We sit in a conference room on red swivel chairs, quiet, motionless, eyes closed. We turn off our senses just like we turn down the house lights, switch off the television, and close the garage door at the end of the day. We become numb and detached from our bodies.

For the past eight weeks, I have been teaching a course on “Mindfulness” at the Meeman Center for Lifelong Learning at Rhodes College. Dr. Mark Muesse, a professor of philosophy at Rhodes and my co-instructor, tells the 18 adult students who are doctors, lawyers, professors and social workers, “We often live our lives in a state of mindlessness, constant generation of unnecessary thoughts and judgments which separate us from the present.” He adds, “We need to achieve a state of mindfulness, a state of moment-to-moment awareness.”

A student poses an obvious question: “How does one do this?”

“Through the techniques of meditation,” I explain. Practitioners have developed hundreds of types of meditation over millennia and across religious traditions. These practices can be lumped into three broad categories:

Focused attention: When we focus on an object or activity such as our breathing;

Open monitoring: When we observe our mind without any judgment;

Self transcendence: When we go into a state of no thoughts.

This is all too didactic and a bit mind-numbing, so we go on a test drive of a meditative experience.

We begin with a comfortable posture and gently close our eyes. We take deep breaths, focusing our attention on our breathing. Then, turning our attention to our mind, we observe and monitor our thoughts without judgment, as if we are sitting on a riverbank watching sailboats pass. Then we engross and transcend ourselves in the precious, almost blissful, moments of extreme serenity of the mind after the last thought is completed and before the next thought has generated.

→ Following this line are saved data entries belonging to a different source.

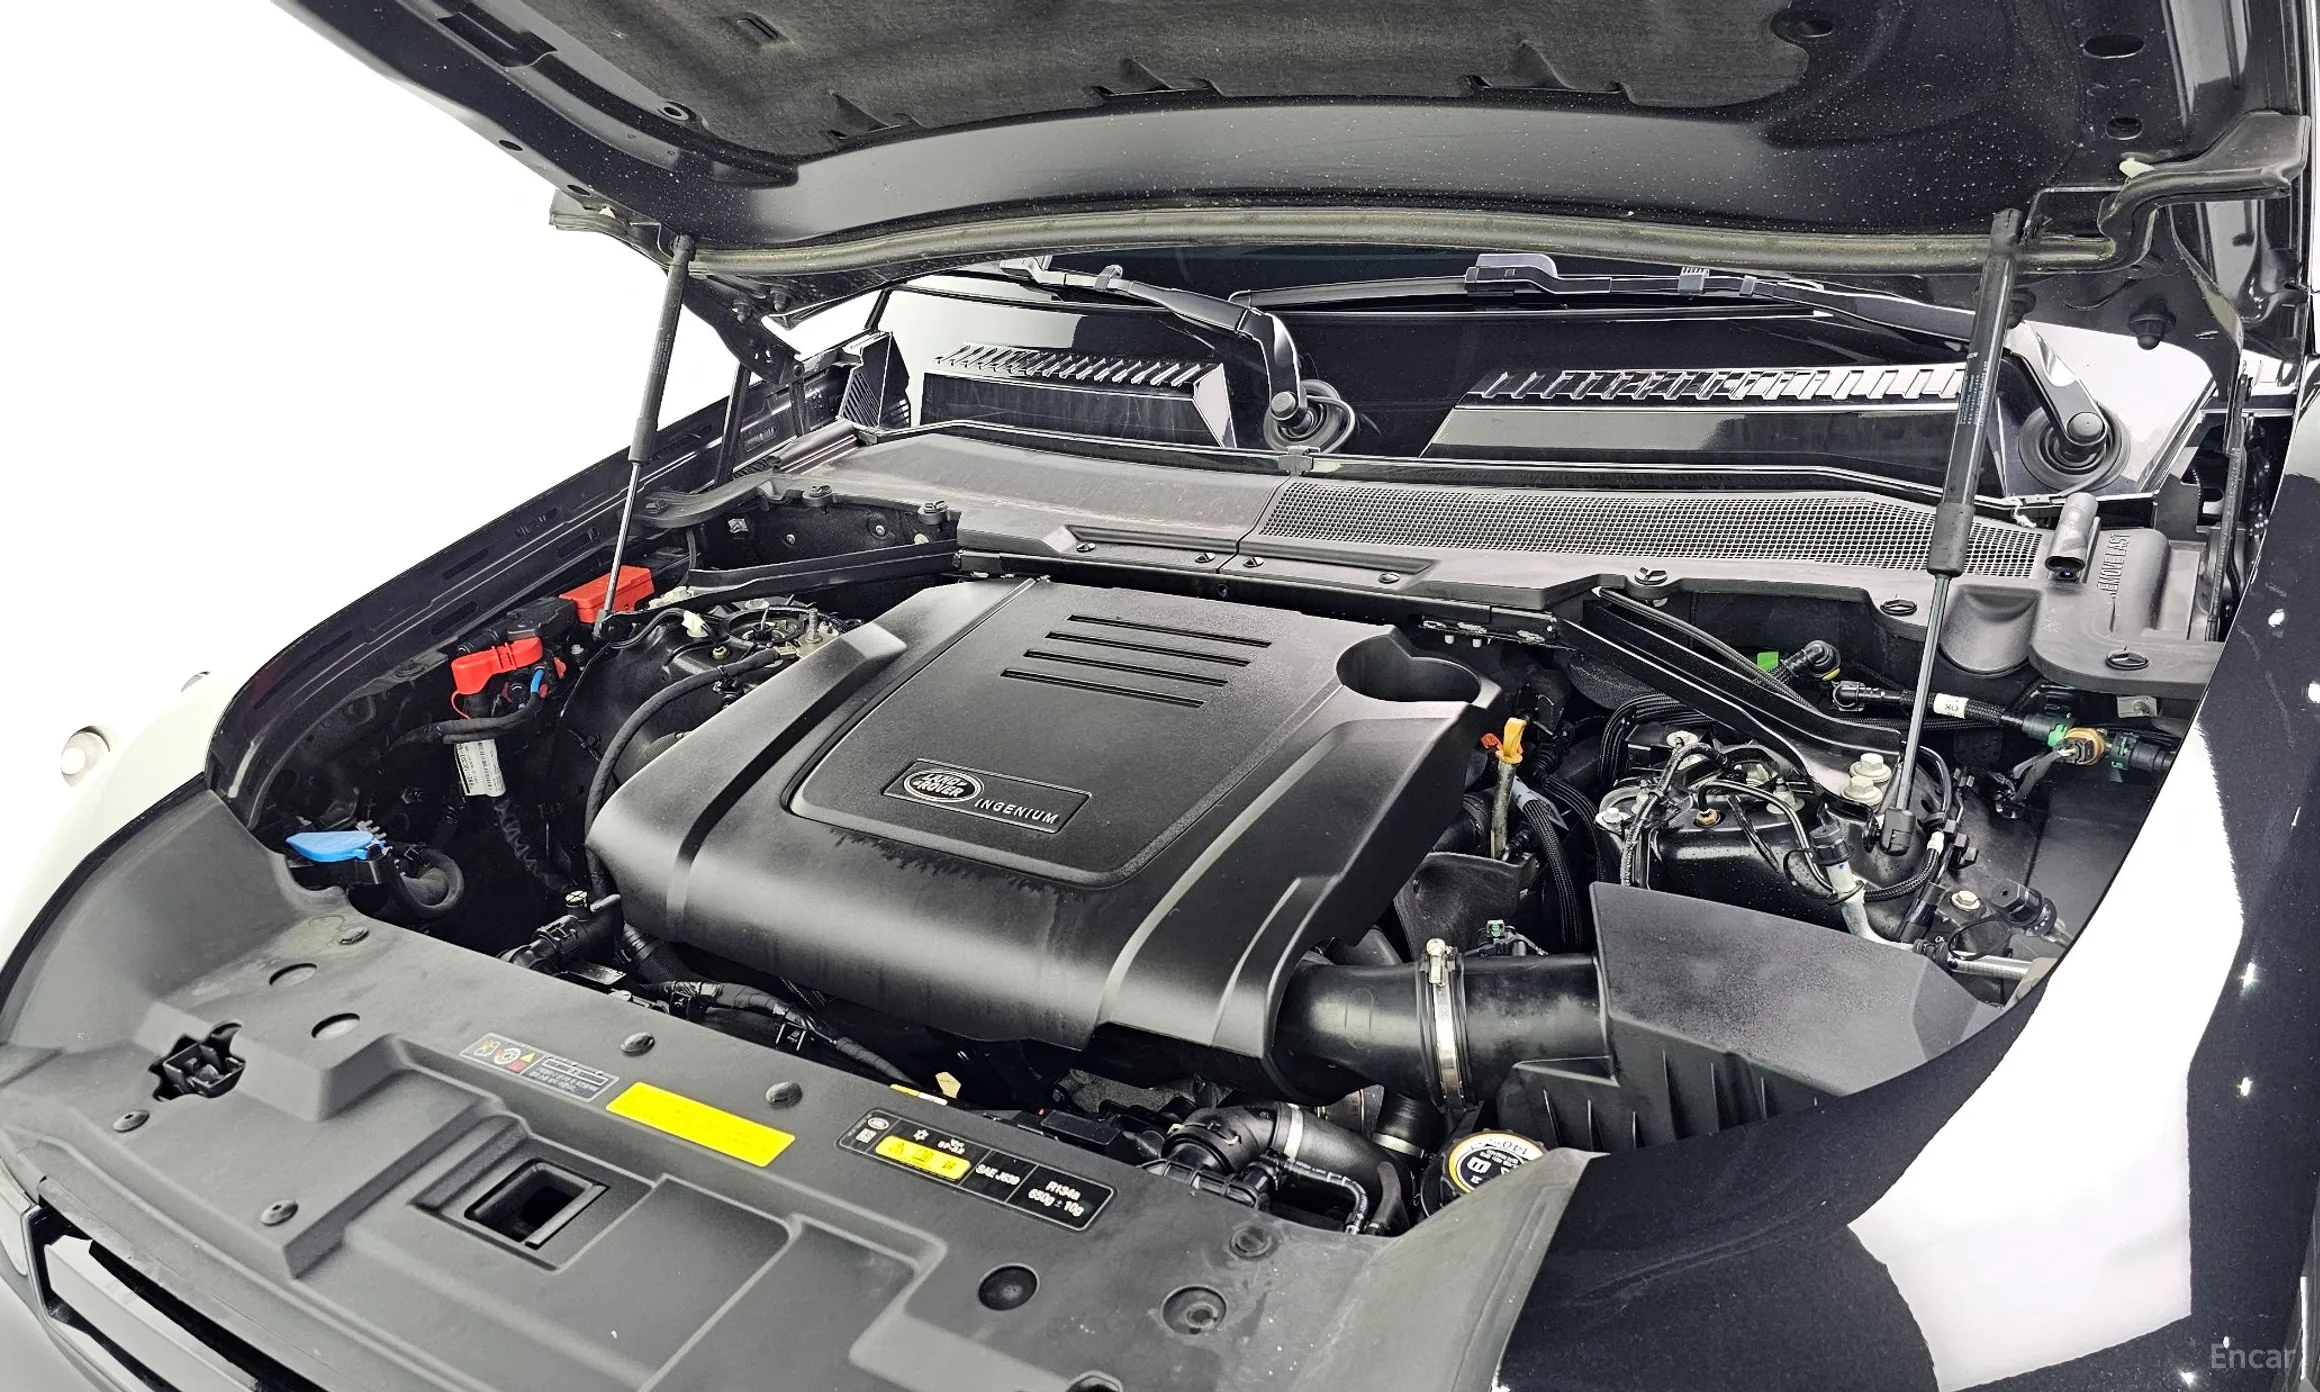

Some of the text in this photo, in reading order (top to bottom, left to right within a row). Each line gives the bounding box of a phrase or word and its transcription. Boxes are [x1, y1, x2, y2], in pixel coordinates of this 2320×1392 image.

[916, 781, 965, 798] ROVER
[974, 798, 1059, 825] INGENIUM
[975, 1163, 999, 1179] SAE
[1045, 1180, 1081, 1201] R134a
[1064, 1200, 1085, 1217] 10g

At first it may seem hard, as our mind flips from one thing to another, but with just a few sessions, anyone can become comfortable.

“It is not hard to do,” I say, as I guide the class through the 10-minute meditative exercise.

Meditation is not an unnatural or a foreign practice; rather, it is a training.

Just as we are able to control our arm to throw a baseball or control our diaphragm to take three deep inhalations, so we can bring control to our mind.

But our mind is “smarter” than our arm or our diaphragm, so rather than forcing the mind to be still, the idea is first to observe it, and see how it moves, how it wavers, how it is ignited and elated, how it is dulled and depressed, and then not to pass judgment on it — in effect ignoring it.

In class, we talk about the benefits of meditation: health benefits such as longevity, lower blood pressure and a stronger immune system; academic benefits like better grades and test scores for school children; fewer effects of post-traumatic stress disorder among soldiers, and reduced rates of recidivism and violent crime among prisoners. Mindfulness is not a panacea to our troubled world, but it is a path to moving our individual selves thoughtfully, mindfully in the right direction.

In our class, we also play “mind games.” For three minutes, we sit quietly, eyes closed, with a pen in one hand and a notebook on our lap. We track and tally our thoughts by writing down a single word for each thought like an observer watching cars on a race course. The purpose is to watch and record our thoughts as they take us for a roller coaster ride, making us happy or sad, and how they link to one another like runners passing a baton. Anyone can try this exercise, and most often people come up with up with three to four thoughts per minute.

It’s funny how each day we take 30 minutes or more to get ready, by showering, dressing, putting on make-up, deodorant or fixing our hair — all this we do for our bodies, but what do we do each day for our minds? One student tells me, “After I meditate, I feel like I have just cleared my mind of clutter.” Another says it feels like “I have rebooted my mind.”

For me, a good meditation session feels like a natural high, like I have done a good physical workout. But this natural high is blissful, tranquil and serene.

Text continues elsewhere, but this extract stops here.